== SOURCE RECORDS ==
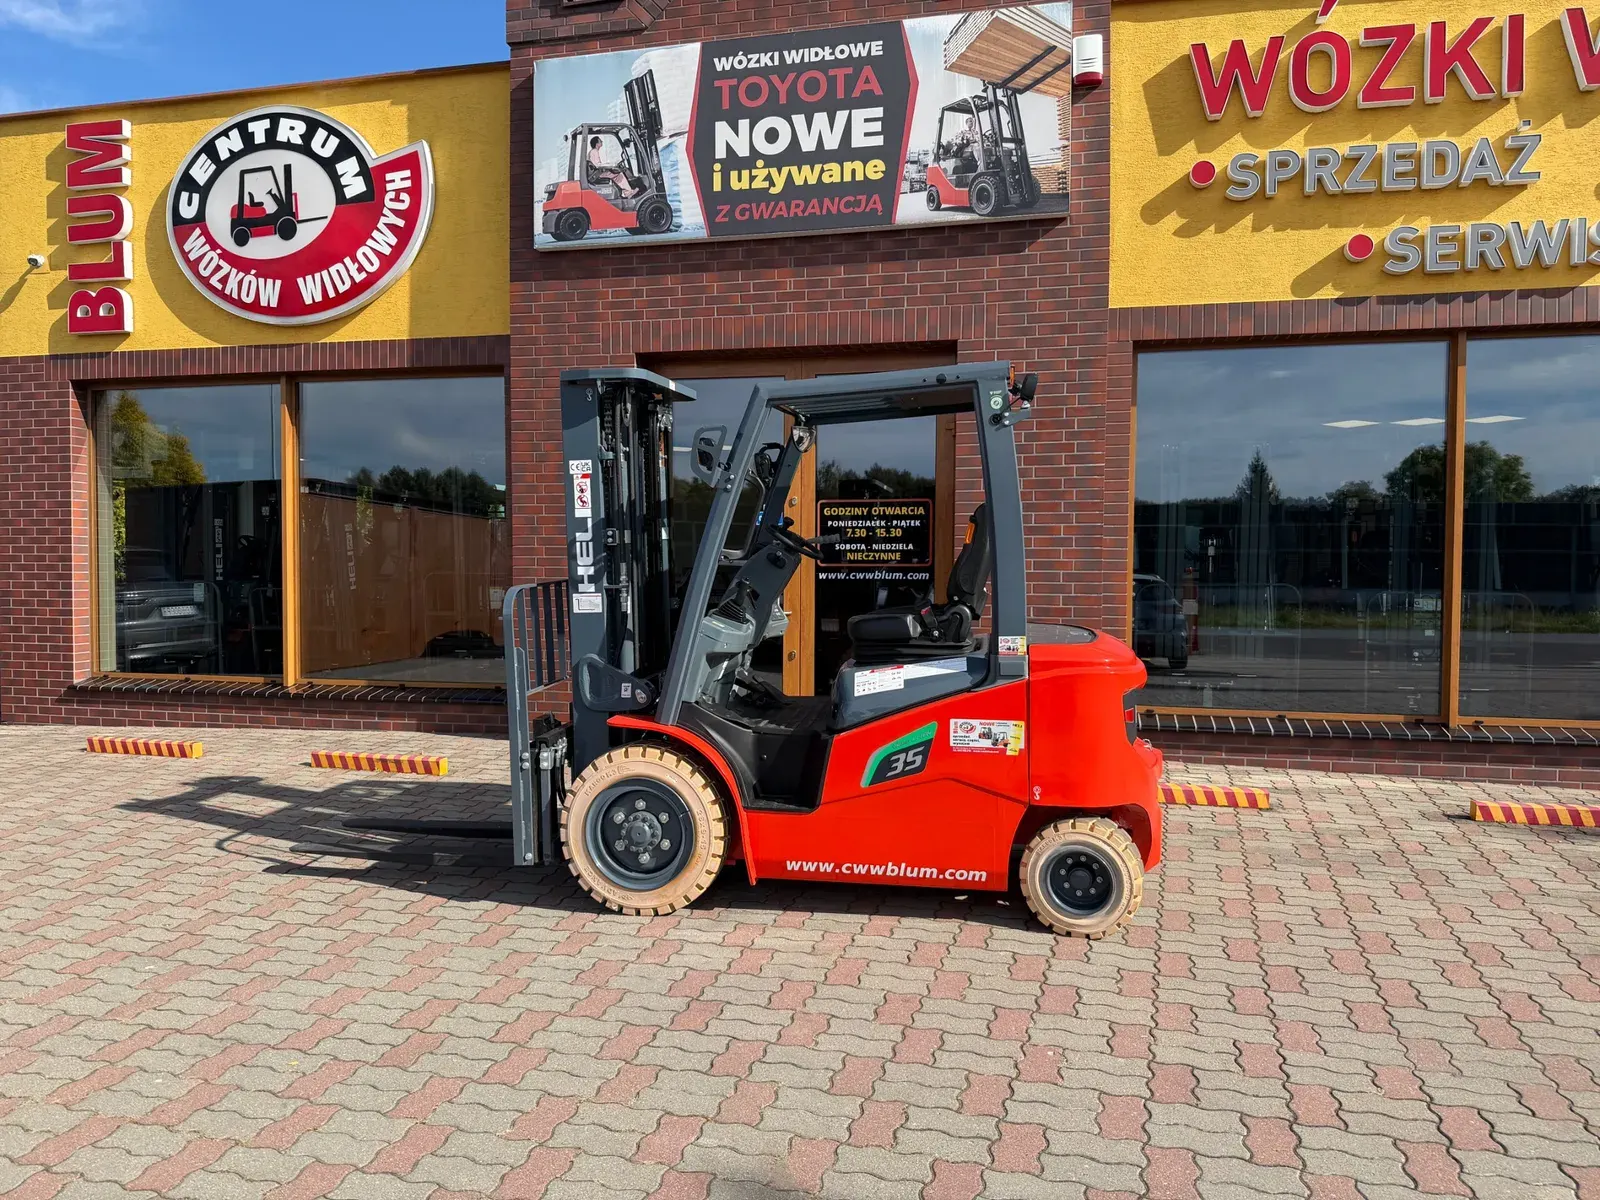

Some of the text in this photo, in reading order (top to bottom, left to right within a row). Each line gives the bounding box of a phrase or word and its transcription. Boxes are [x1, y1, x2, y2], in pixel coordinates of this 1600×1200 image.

[713, 40, 884, 71] WÓZKI WIDŁOWE
[1189, 0, 1525, 121] WÓZKI
[714, 65, 883, 110] TOYOTA
[715, 107, 884, 159] NOWE
[179, 117, 367, 219] CENTRUM
[713, 159, 886, 194] i używane
[1225, 119, 1542, 201] SPRZEDAŻ
[715, 194, 883, 222] Z GWARANCJĄ
[66, 119, 133, 335] BLUM
[183, 169, 412, 308] WÓZKÓW WIDŁOWYCH
[823, 506, 925, 516] GODZINY OTWARCIA
[892, 520, 921, 528] PIĄTEK
[846, 528, 867, 537] 7.30
[875, 528, 902, 537] 15.30
[575, 508, 595, 592] HELI
[846, 552, 901, 560] NIECZYNNE
[818, 571, 930, 580] www.cwwblum.com
[885, 746, 925, 777] 35
[785, 860, 988, 882] www.cwwblum.com
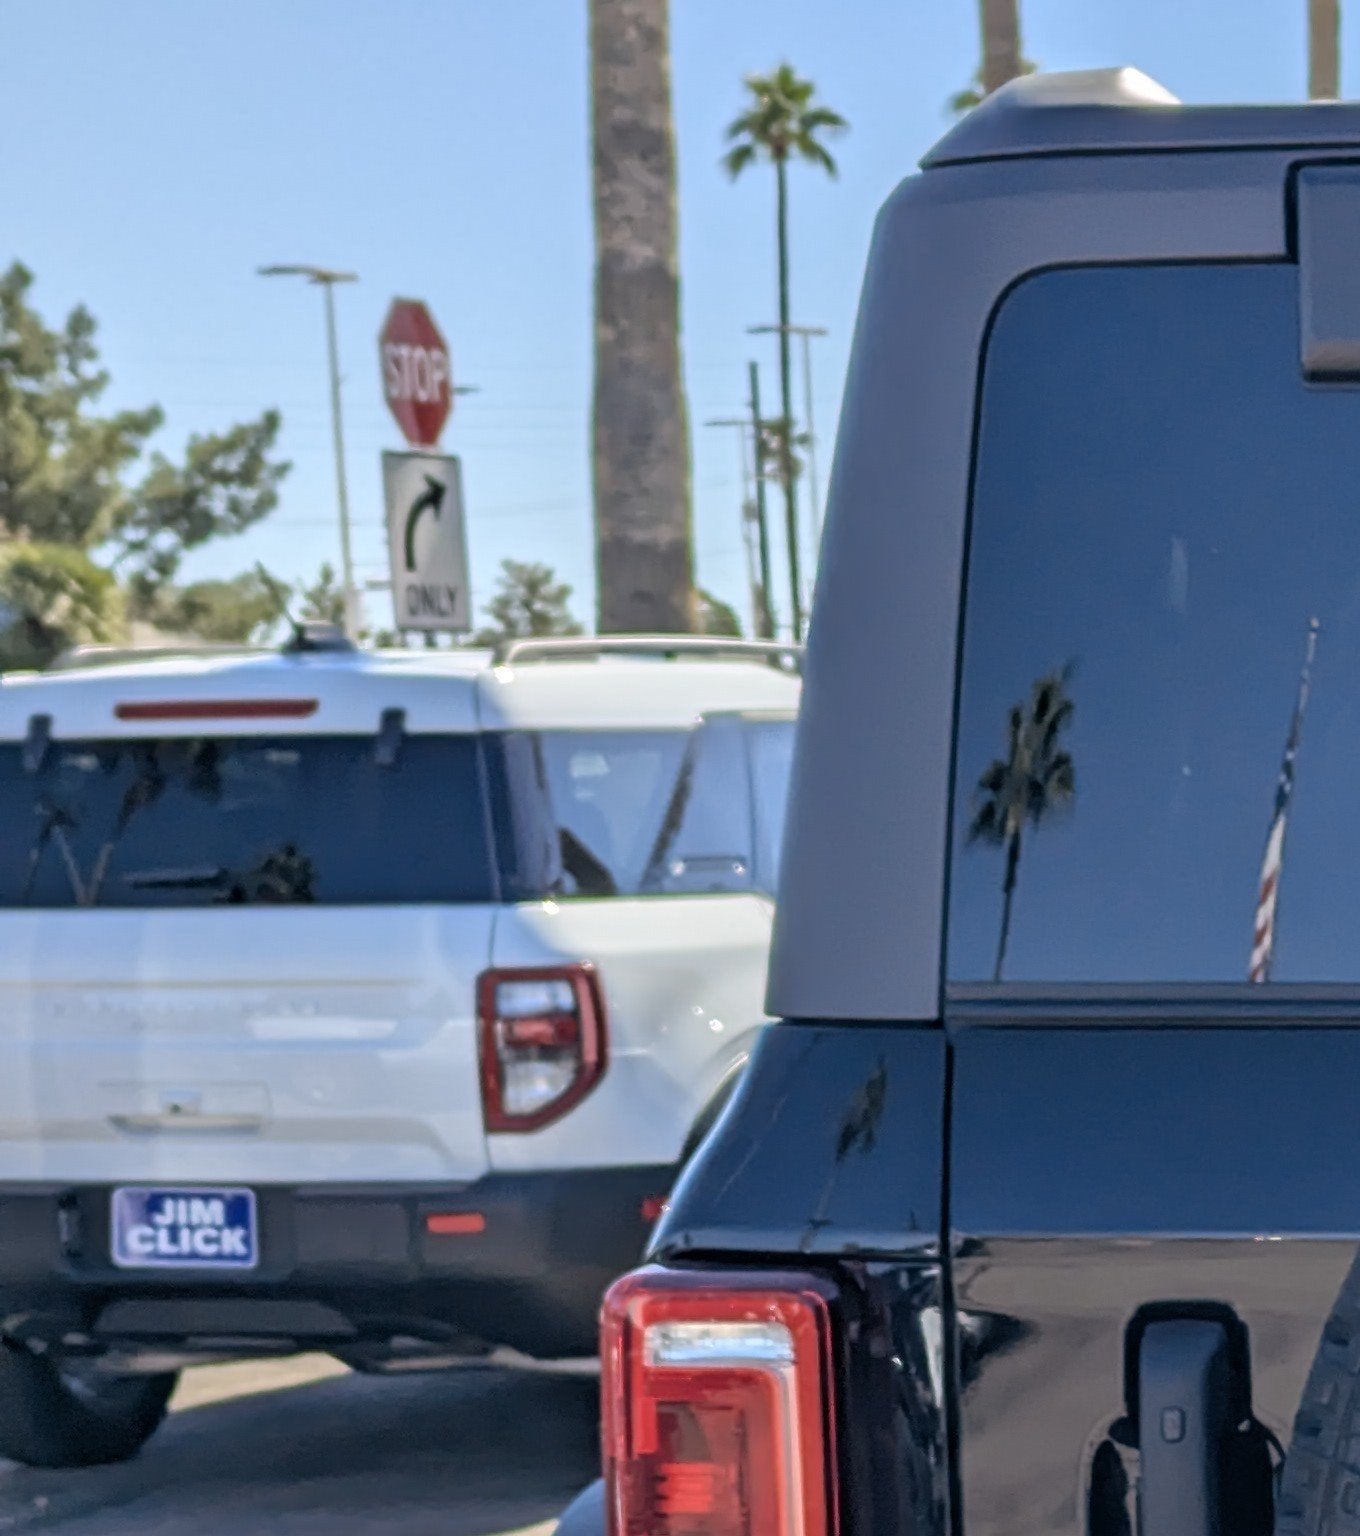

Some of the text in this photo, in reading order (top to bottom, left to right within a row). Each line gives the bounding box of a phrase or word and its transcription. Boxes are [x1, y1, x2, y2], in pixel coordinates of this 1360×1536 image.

[383, 343, 447, 403] STOP
[405, 583, 457, 618] ONLY
[153, 1198, 225, 1225] JIM
[126, 1225, 248, 1256] CLICK

== WHAT TO DO ==
Output each entry above word for word. The pictures stay out.

== FINAL ANSWER ==
Some of the text in this photo, in reading order (top to bottom, left to right within a row). Each line gives the bounding box of a phrase or word and its transcription. Boxes are [x1, y1, x2, y2], in pixel coordinates of this 1600×1200 image.

[713, 40, 884, 71] WÓZKI WIDŁOWE
[1189, 0, 1525, 121] WÓZKI
[714, 65, 883, 110] TOYOTA
[715, 107, 884, 159] NOWE
[179, 117, 367, 219] CENTRUM
[713, 159, 886, 194] i używane
[1225, 119, 1542, 201] SPRZEDAŻ
[715, 194, 883, 222] Z GWARANCJĄ
[66, 119, 133, 335] BLUM
[183, 169, 412, 308] WÓZKÓW WIDŁOWYCH
[823, 506, 925, 516] GODZINY OTWARCIA
[892, 520, 921, 528] PIĄTEK
[846, 528, 867, 537] 7.30
[875, 528, 902, 537] 15.30
[575, 508, 595, 592] HELI
[846, 552, 901, 560] NIECZYNNE
[818, 571, 930, 580] www.cwwblum.com
[885, 746, 925, 777] 35
[785, 860, 988, 882] www.cwwblum.com

Some of the text in this photo, in reading order (top to bottom, left to right within a row). Each line gives the bounding box of a phrase or word and its transcription. Boxes are [x1, y1, x2, y2], in pixel coordinates of this 1360×1536 image.

[383, 343, 447, 403] STOP
[405, 583, 457, 618] ONLY
[153, 1198, 225, 1225] JIM
[126, 1225, 248, 1256] CLICK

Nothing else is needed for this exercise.